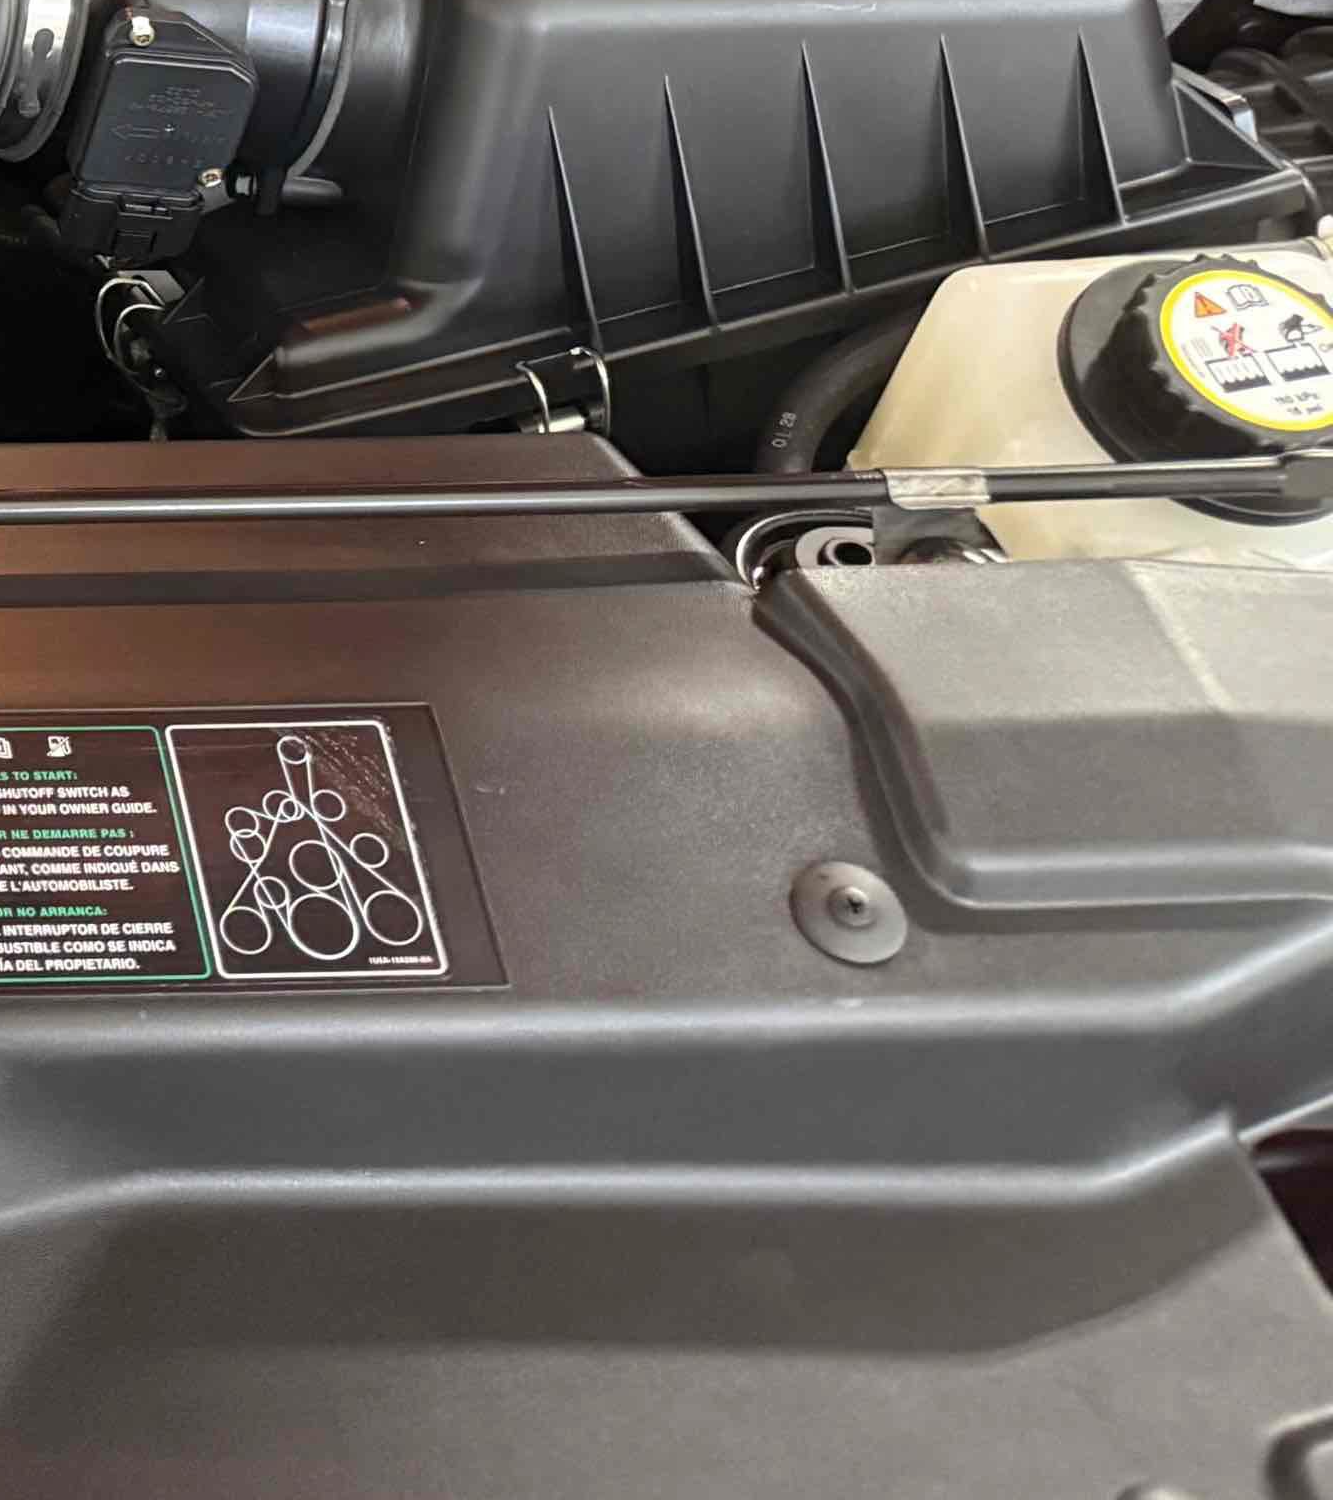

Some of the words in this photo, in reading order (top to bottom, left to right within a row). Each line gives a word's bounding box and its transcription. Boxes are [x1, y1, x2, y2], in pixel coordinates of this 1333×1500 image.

[12, 771, 29, 780] TO
[33, 770, 77, 780] START:
[56, 786, 109, 798] SWITCH
[110, 786, 130, 797] AS
[2, 804, 17, 815] IN
[18, 803, 57, 815] YOUR
[59, 802, 109, 815] OWNER
[111, 802, 157, 814] GUIDE.
--------------------------------
Line by line, output the material above exactly, passing over the pictures.

Some of the words in this photo, in reading order (top to bottom, left to right within a row). Each line gives a word's bounding box and its transcription. Boxes are [x1, y1, x2, y2], in pixel coordinates of this 1333×1500 image.

[12, 771, 29, 780] TO
[33, 770, 77, 780] START:
[56, 786, 109, 798] SWITCH
[110, 786, 130, 797] AS
[2, 804, 17, 815] IN
[18, 803, 57, 815] YOUR
[59, 802, 109, 815] OWNER
[111, 802, 157, 814] GUIDE.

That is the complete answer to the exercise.